March 16th, 2011 - 13:18
alright man well it depends what you want to get out of your workout, If you want to get big then i would go even higher with the reps i would do maybe 3 sets 15 and then 5 of 20 sounds alright on sit ups but you have to mix it up. And you have to work your whole body to see results. Depending how many days you work out you should have either a 5 day split or a 3 day split A 5 day would be Monday, Tuesday, Wednesday, Thursday, Friday. A 3 day split would be Monday, Wednesday, Friday.
When I say mixing it up if you do that same workout every time you go to the gym your body wont react to it after awhile and your results will seriously decline. So if you do fly’s One time next time do bench.
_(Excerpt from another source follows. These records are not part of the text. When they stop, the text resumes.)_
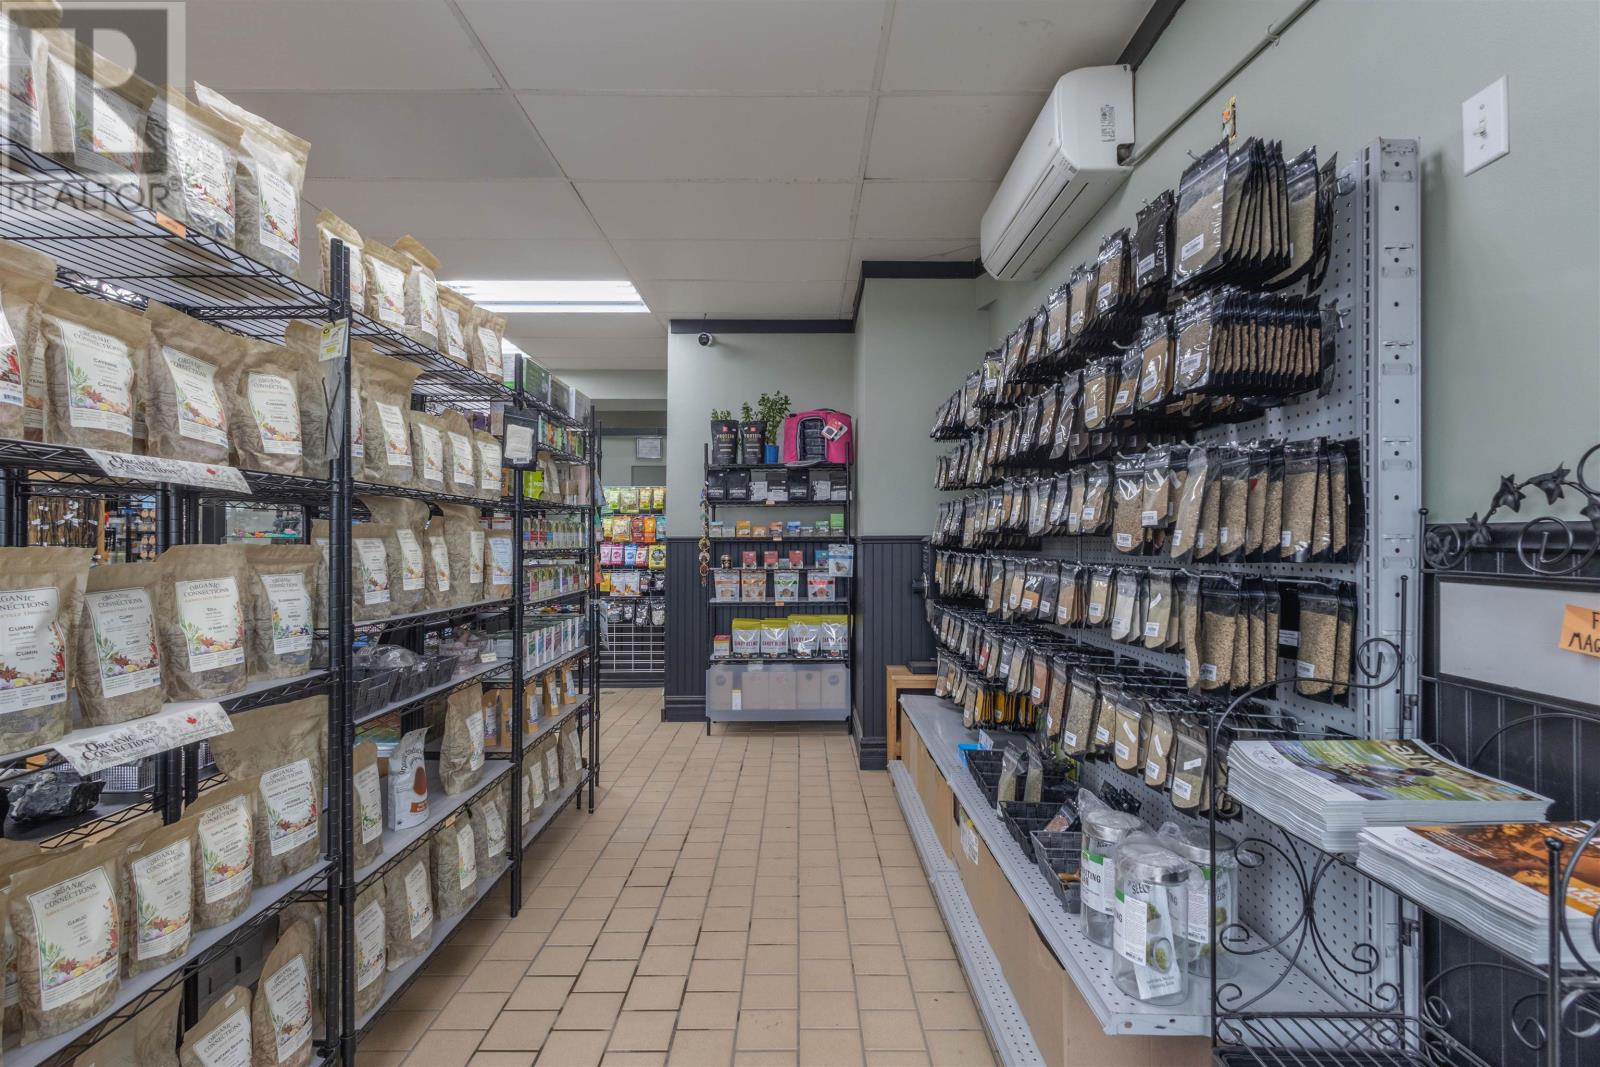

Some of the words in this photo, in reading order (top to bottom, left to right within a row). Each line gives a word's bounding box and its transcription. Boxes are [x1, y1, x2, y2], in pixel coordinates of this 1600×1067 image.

[188, 581, 220, 592] ORGANIC
[182, 588, 230, 599] CONNECTIONS
[97, 598, 144, 609] CONNECTIONS
[8, 625, 35, 633] CUMIN
[81, 736, 158, 762] CONNECTIONS
[84, 733, 135, 752] ORGANIC
[53, 879, 87, 899] ORGANIC
[44, 883, 98, 911] CONNECTIONS
[67, 914, 88, 927] GARLIC
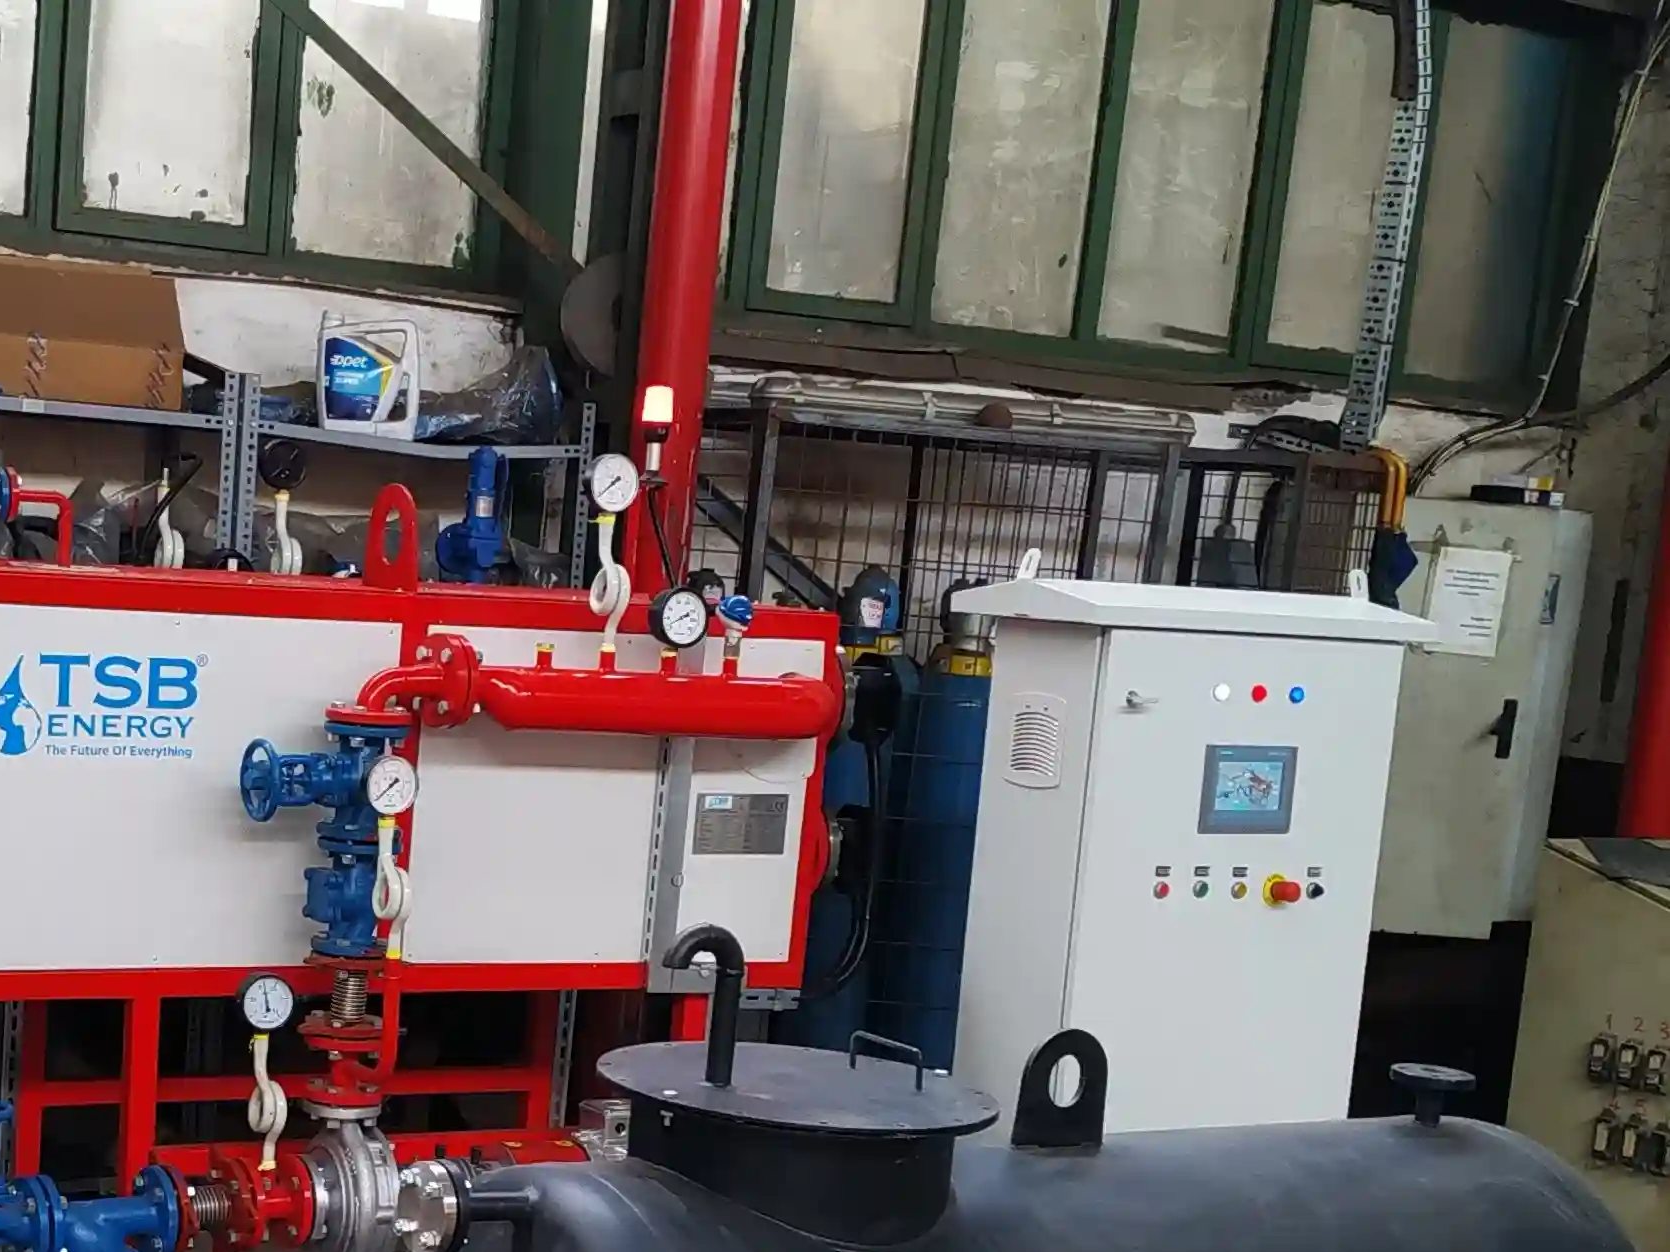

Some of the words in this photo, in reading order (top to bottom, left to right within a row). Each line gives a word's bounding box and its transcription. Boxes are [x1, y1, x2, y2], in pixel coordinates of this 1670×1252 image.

[38, 652, 198, 710] TSB
[47, 714, 194, 739] ENERGY
[45, 745, 68, 756] The
[71, 745, 109, 757] Future
[113, 746, 127, 756] Of
[130, 747, 193, 759] Everything
[1634, 1016, 1645, 1032] 2
In order to grow you really need to work all your body parts though. This means have days where you do just legs and days where you do just arms and days when you do just chest or back.
Im assuming by your workout that you want to get bigger? Which means higher reps like what your at 10 but you should also go up to 15 and sometimes even have failure sets (where you do a certain set with a lighter weight and go until you can’t anymore). You have to "shock" your body and it will grow fast.
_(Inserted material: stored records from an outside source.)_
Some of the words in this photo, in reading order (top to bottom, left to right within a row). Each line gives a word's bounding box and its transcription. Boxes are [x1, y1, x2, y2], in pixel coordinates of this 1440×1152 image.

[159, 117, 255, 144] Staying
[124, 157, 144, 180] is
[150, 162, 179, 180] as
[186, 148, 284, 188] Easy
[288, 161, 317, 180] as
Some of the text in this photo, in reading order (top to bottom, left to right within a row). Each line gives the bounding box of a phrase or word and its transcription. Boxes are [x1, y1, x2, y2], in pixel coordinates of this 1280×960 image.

However the thing more important than the lifting itself is the nutrition. And you really need to give your body the proper nutrients or you will not grow at all. It sucks every weightlifter/bodybuilder goes through this you have to eat when you don’t want to and you will probably get gas from the protein. You should have about 1 gram of protein per body weight and about 1.5 if your really trying to get bigger.
The most important times to take a protein shake or eat are right away when you wake up, before your workout, after your workout, and right away before bed. However you should have a small lunch, dinner, and breakfast as well. Your eating schedule will depend what time you workout. You should also eat lighter on days that you dont workout.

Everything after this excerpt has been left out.